Every entry must be transcribed exactly. Pictures are not part of the copy.

BEGIN

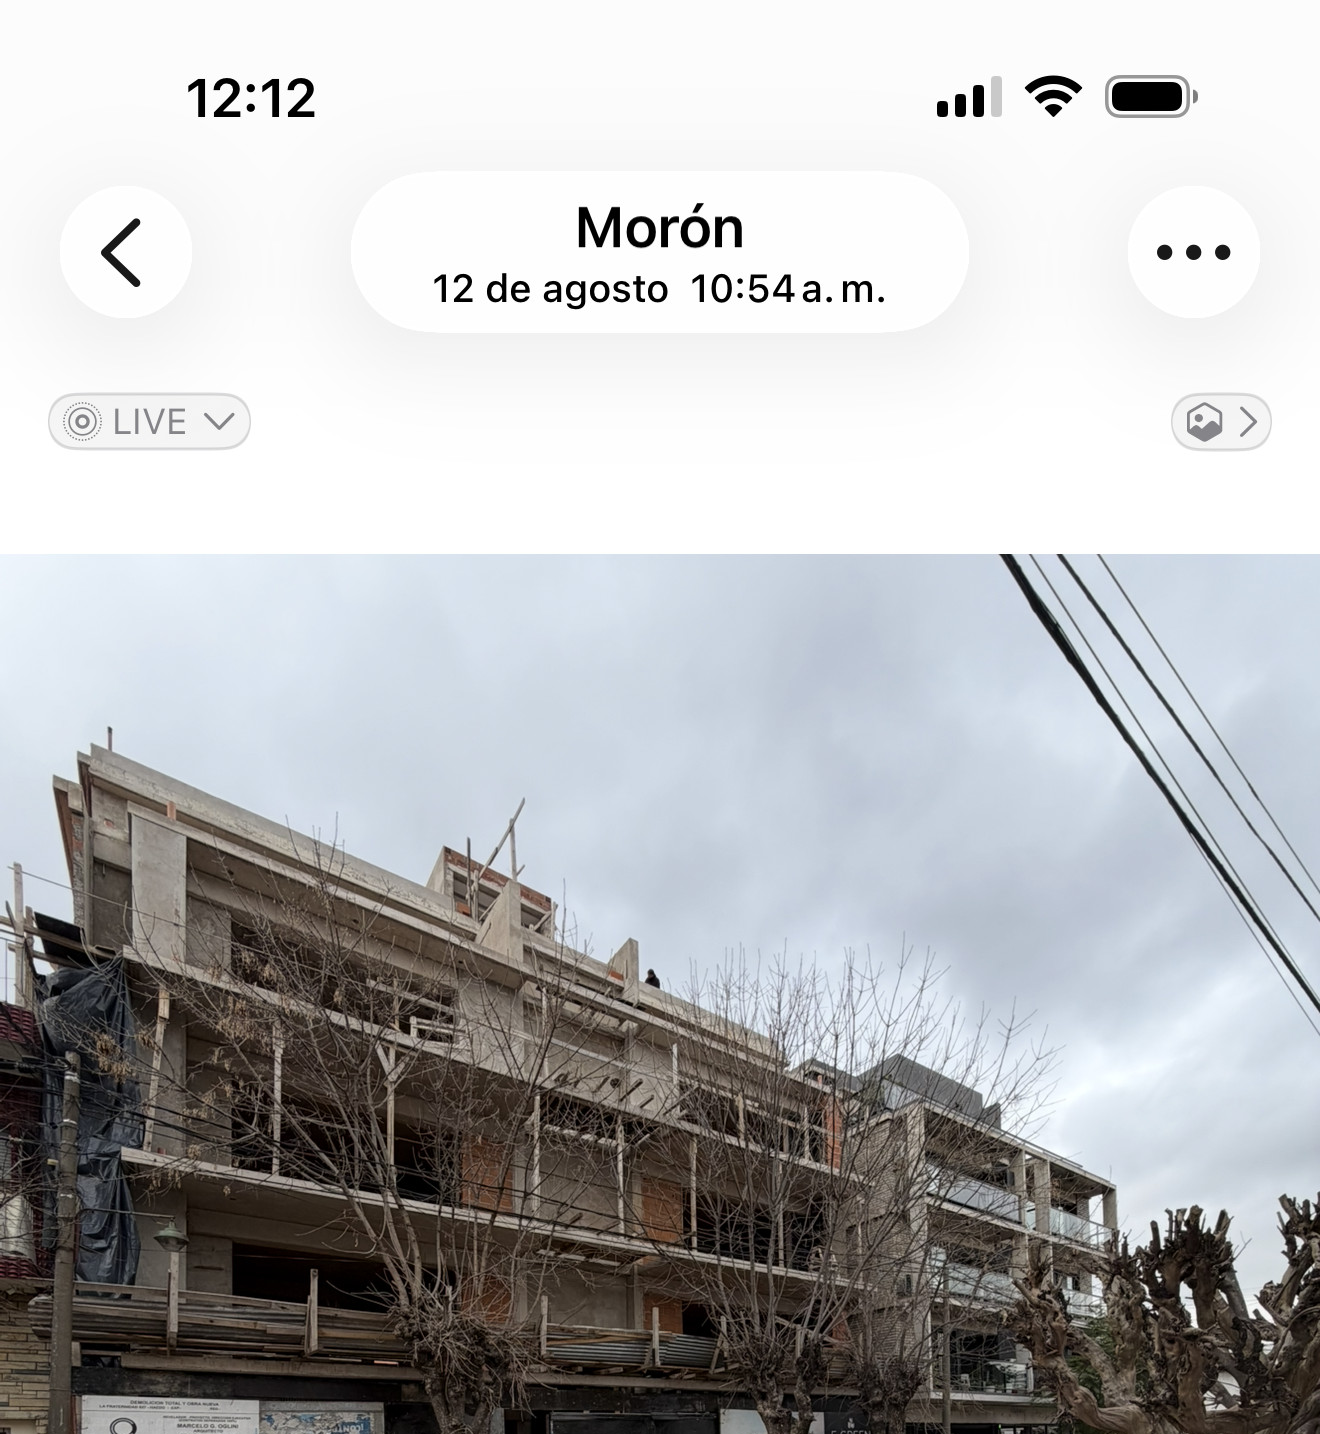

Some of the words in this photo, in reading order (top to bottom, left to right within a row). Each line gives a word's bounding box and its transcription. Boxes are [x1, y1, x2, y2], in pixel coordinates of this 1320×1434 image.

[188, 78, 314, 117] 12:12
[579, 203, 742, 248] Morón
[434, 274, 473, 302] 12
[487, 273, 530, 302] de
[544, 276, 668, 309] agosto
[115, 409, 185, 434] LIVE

END

# YOUR RESPONSE
Some of the words in this photo, in reading order (top to bottom, left to right within a row). Each line gives a word's bounding box and its transcription. Boxes are [x1, y1, x2, y2], in pixel coordinates of this 1320×1434 image.

[188, 78, 314, 117] 12:12
[579, 203, 742, 248] Morón
[434, 274, 473, 302] 12
[487, 273, 530, 302] de
[544, 276, 668, 309] agosto
[115, 409, 185, 434] LIVE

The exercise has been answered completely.